Ross noted that resources are misused when people wait for preventable issues to become severe and then choose to go to the ER.

“When a patient gets to an emergency room, that’s a failure of the system,” Ross said. “That’s an inappropriate use of our country’s resources.”

One possible solution Ross and others propose to this is the development of medical homes, which would provide primary care and prevent issues from becoming too severe.

“This is how we should be delivering care,” Ross said. “If we did this, if we had a country that could provide that level of basic care to everyone at a relatively low cost, then we wouldn’t see this excessive utilization of hospital and emergency care.”

Polites sees great benefits of this to individual patients.

“Patients deserve better than just having a person they can go to temporarily. They deserve a primary doctor who knows them.
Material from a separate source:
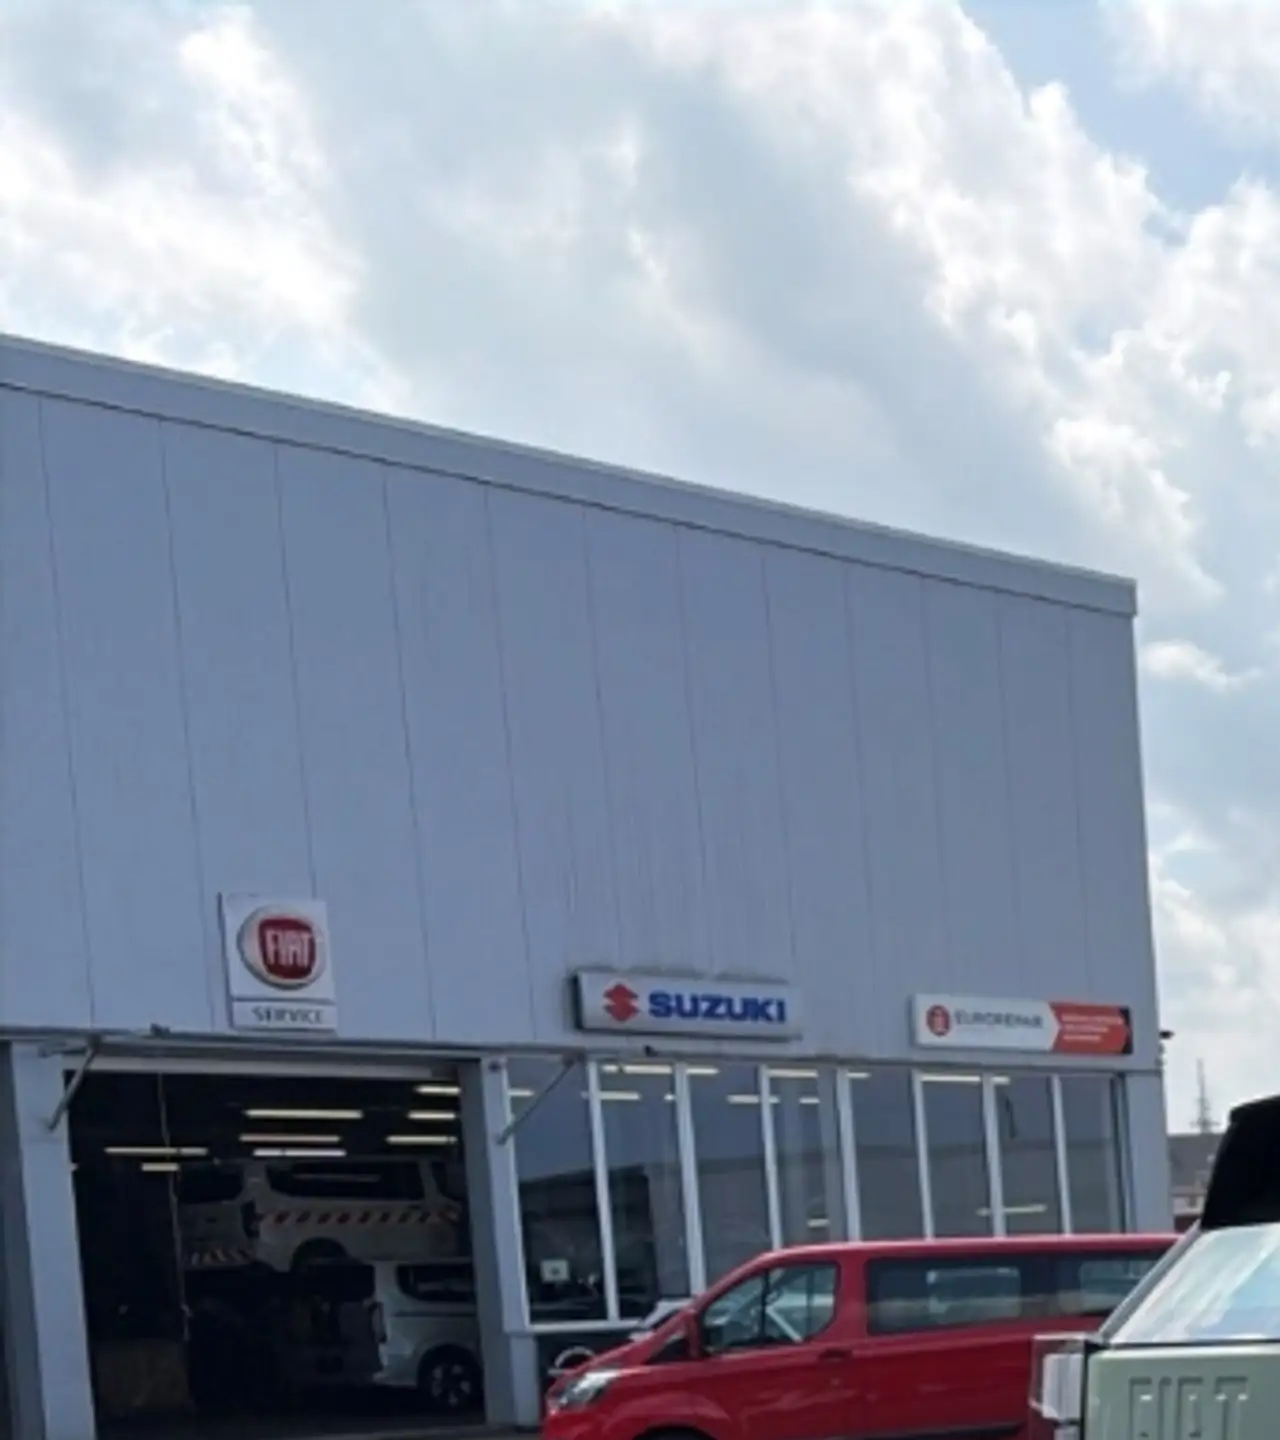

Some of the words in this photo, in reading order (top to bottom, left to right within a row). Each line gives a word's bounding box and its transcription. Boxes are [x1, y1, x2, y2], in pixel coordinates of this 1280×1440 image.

[265, 928, 312, 967] FIAT
[251, 1006, 324, 1024] SERVICE
[648, 991, 787, 1023] SUZUKI
We need to put more emphasis into that,” Polites said.

What about Medicare and Medicaid?

Medicare and Medicaid, the federal- and state-funded programs that provide care to many low-income individuals, have received a mixture of criticism and praise since their inception. Ross believes that the programs themselves have great potential but are limited by the flaws of the basic healthcare system.

“Medicaid and Medicare are extraordinarily effective programs. They’ve been demonized. They’ve been called socialistic, but they work,” Ross said. “Medicare and Medicaid are functional. The system on which they are based is dysfunctional.”

According to the panel, emphasis in the current healthcare system is on healing critical illnesses rather than providing adequate primary care.

“As a consequence of the perverse system, we’ve utilized so much money that we now can’t pay for Medicaid and Medicare,” Ross said, although he claims these programs are less costly than private insurance systems.

Polites, too, sees the current system as backwards, and advocates a shift in focus to preventative care where possible.

“We have everything backwards. The way that we fund things, it’s totally backwards,” Polites said. “We spend so much money on folks that are acute, who have a life-threatening illness. That’s where the vast majority of resources go into. If we took those same resources and put them into preventative healthcare and do it early, at a young age…you would have the money to fund those.”